The body of the comment can include all characters, except for **/
and */
which both signify the end of a comment. Am I correct assuming that regex will find multiple-whole-regex-matches only processing text once?
\/\*\s*([A-Z]+). (\d)\:([\w\d\D\W]+)\*{2}\//x
Broken apart the regex does this:
\/\*
—finds the start of a comment
\s*
—finds whitespace
([A-Z]+)
—captures caps word
.<space>
—find the space in between caps word and digit
(\d)
—capture the digit
\:
—find the colon
([\w\W\d\D]+)
—captures the body of a message which can include all valid characters, except **/
or */
\*{2}\/
—finds the end of a comment
Here is a sample, everything from the first /*
to the second **/
is captured.:
/*
HEADLINE 1:
Comment body.
**/
- (BOOL)application:(UIApplication *)application didFinishLaunchingWithOptions:(NSDictionary *)launchOptions
{
// This text and method declaration are captured
// The regex captures from HEADLINE to the end of the comment "meddled in." inclusively.
/*
HEADLINE 2:
Should be captured separately and without Objective-C code meddled in.
**/
}
Here is the sample on Rubular: http://rubular.com/r/4EoXXotzX0
I'm using gsub
to process the regex on a string of the whole file, running Ruby 1.9.3. Another issue I have is that gsub gives me what Rubular ignores, is this a regression or is Rubular using a different method that gives what I want?

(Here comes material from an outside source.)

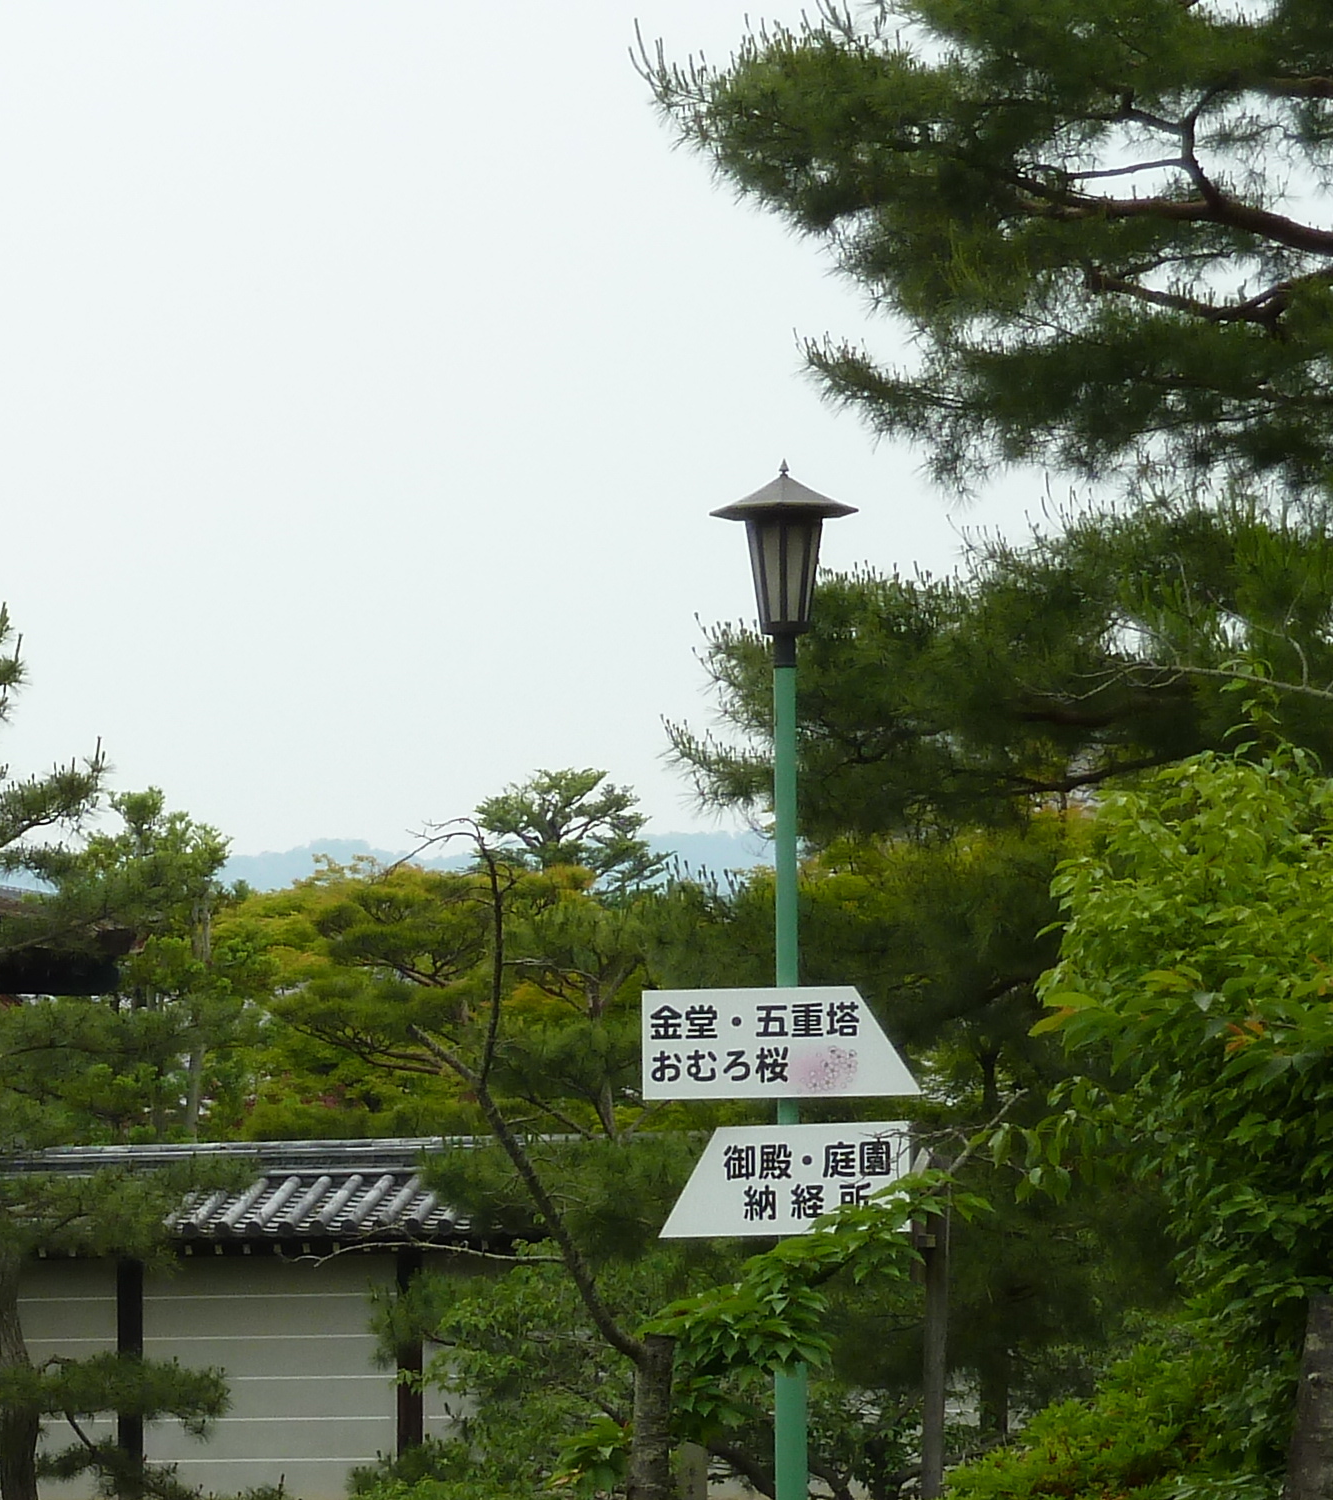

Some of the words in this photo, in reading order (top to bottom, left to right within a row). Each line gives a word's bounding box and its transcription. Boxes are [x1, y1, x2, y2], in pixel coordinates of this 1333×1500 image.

In this question Regex matching multiple occurrences per file and per line about multiple occurrences the answer is to use g for the global option, that is not valid in Ruby regex.
回答1:
Change this: ([\w\W\d\D]+)
To this: ([\w\W\d\D]+?)
This will cause the regex to be non-greedy, stopping as soon as it sees the next closing **/
. (Updated rubular: http://rubular.com/r/Whm31AJ6Kg)
Also, note that [\w\W\d\D]
matches absolutely any character, and can be simpler written as just [\w\W]
. You could alternatively match the body with just [^*\/]
, which would also avoid the above problem of matching through the close. (Updated rubular: http://rubular.com/r/2h0kGYkdVQ)
回答2:
A solution:
- Split the whole String with
'*/'
(end of a comment) - If the split returns only one element, there is no comment in the String
- Otherwise, for each token, except the last one, use the RegExp
%r{/\*(.*)$}
(starting at '/*' until the end of the token) to capture the whole commented content (you may use here a more complex RegExp to capture more data in the comment)
It may not be the most beautiful solution, but it should do the job. And it's no bullet-proof, if you have in your Objective-C source code something like the line below, my solution will fail.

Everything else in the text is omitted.